At fourteen weeks, the farmer decided to take Todd out onto the fields, the pup bounding lightly with excitement - his grin infectious. “You’re going to love it, Todd.” The farmer let his hand rest upon the pup's head. “You’ll be a fine dog yet.” 

The two were out from dawn until dusk, with Todd greeting all the farm animals with a sniff to the nose and a lick to the leg. He accompanied the farmer throughout his daily tasks making the day pass quicker than ever imagined and feel far less lonely.  

By the time they returned home, the sky became dark as the deep ocean. The sky sparkled as fireflies took over the air and danced with entrancing grace. Todd enamoured with their beauty had never experienced a creature so small and delicate that possessed such power as to glow.  

 

By six months, Todd was a natural. He herded the sheep without a single one falling out of line, he too helped the farmer dig plots for the carrots and potatoes. He truly was a special creature and the farmer knew it.  

In time, the farmer lost plenty. His children had long since flown the nest and his wife became very ill. She soon became bedridden with a fever, unable to eat or drink. 

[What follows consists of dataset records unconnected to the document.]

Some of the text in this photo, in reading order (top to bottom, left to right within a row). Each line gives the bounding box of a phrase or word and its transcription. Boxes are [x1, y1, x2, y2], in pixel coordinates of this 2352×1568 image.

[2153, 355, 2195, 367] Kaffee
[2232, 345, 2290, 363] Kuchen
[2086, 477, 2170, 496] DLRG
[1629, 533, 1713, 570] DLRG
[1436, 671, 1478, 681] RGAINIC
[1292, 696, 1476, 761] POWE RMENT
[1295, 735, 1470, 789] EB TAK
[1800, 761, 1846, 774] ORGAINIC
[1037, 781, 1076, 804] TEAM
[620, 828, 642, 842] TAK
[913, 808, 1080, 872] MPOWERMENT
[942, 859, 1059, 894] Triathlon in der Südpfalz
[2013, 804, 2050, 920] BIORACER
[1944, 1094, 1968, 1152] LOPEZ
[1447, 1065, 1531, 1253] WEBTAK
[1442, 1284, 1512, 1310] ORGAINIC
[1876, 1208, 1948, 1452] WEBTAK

The farmer sat with his head in his hands, emitting strained, muffled sobs. 

Todd stood on the sidelines, watching and waiting, trying to make sense of it all. Quietly, he crept behind the sofa and over to the stairs. Swiftly he began to climb. As he reached the second floor, he came to a hallway with each floorboard creaking under his paws. A door lay ajar, inviting him inside. Upon entering, he saw the farmer's wife laying atop the bed - her breathing ragged and uneven. “Todd, is that you?” Her voice became raw as she whispered her call, “Come here, Todd.” At the command, he crept over to her bedside.  

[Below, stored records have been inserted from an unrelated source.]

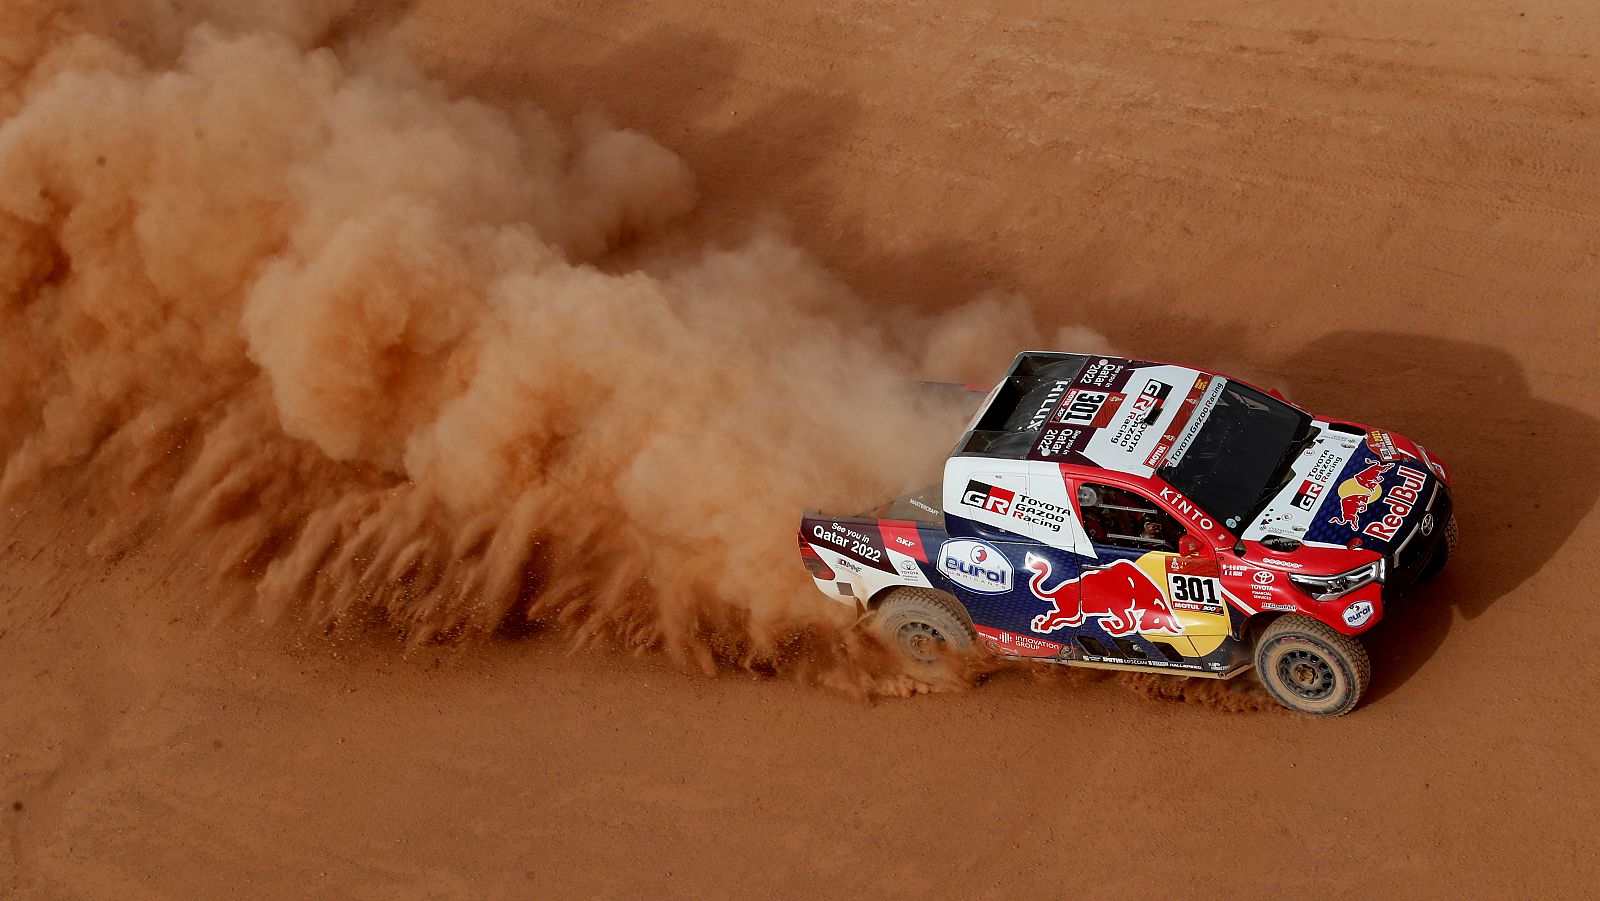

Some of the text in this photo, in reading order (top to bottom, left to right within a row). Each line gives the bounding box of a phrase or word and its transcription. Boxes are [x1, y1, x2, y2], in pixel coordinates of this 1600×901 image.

[1080, 364, 1100, 384] 2022
[1094, 364, 1116, 386] Qatar
[1027, 380, 1068, 432] HILUX
[1064, 393, 1105, 420] 301
[1135, 380, 1162, 411] GR
[1110, 412, 1136, 444] Racing
[1171, 432, 1192, 461] TOYOTA
[1191, 410, 1208, 432] GAZOO
[1206, 382, 1224, 409] Racing
[1037, 429, 1058, 452] 2022
[1050, 428, 1073, 454] Qatar
[1148, 445, 1166, 466] MOTUL
[1308, 450, 1330, 478] TOYOTA
[1315, 454, 1335, 480] GAZOO
[1322, 457, 1342, 482] Racing
[962, 490, 1010, 514] GR
[1019, 494, 1071, 516] TOYOTA
[1300, 484, 1324, 510] GR
[1012, 510, 1061, 532] Racing
[1015, 503, 1065, 523] GAZOO
[813, 525, 882, 562] Qatar 2022
[832, 522, 870, 544] See you in
[896, 536, 916, 548] SKF
[946, 556, 1006, 584] eurol
[1172, 576, 1220, 604] 301
[1347, 606, 1372, 624] eurol
[1016, 635, 1060, 650] INNOVATION
[1016, 641, 1040, 650] GROUP

Her eyes lacked the life they once held, Todd could recognise this. He lowered his ears as a sign of respect and raised his paw onto the bed. She chuckled lightly, but even that turned into a terrible cough. She placed a hand over his paw and offered him a small smile; “I won’t live forever, Todd. You know that.” Todd could sense it, as horrible as it was. “You’ll have to take care of him, can you do that for me?” Todd scooted forward as he licked her hand, the gesture a sign that he could understand her words and their meaning. Her lips stretched farther and a stray tear fell from her eyes. She reached her arm under her pillow and pulled out an unfinished knitted bear. “This is for you,” she spoke sullenly, “Keep it close.” With a final pat to his charcoal ears, she kissed his forehead and rolled over to face away from him as a fit of coughs overtook her speech, and rest was certainly needed.  

Todd watched on for a moment more. He watched as her chest rose and fell with each laboured breath. The reality of what was sent pain through him as though a viper had poisoned him. Slowly he made his way to the door, allowing the woman to rest. As he came to the first floor the farmer remained where he left him. Todd picked up the farmer’s cap within his mouth and sat next to him. “Not today, Todd,” the farmer meekly spoke. A paw placed itself on the farmer’s lap. Todd dropped the hat to the floor and pressed his snout into the farmer’s hand.  

 

A month later, the rain poured. Its droplets fell as soft as thunder, but to the farmer and his dog, the weather was of no concern.  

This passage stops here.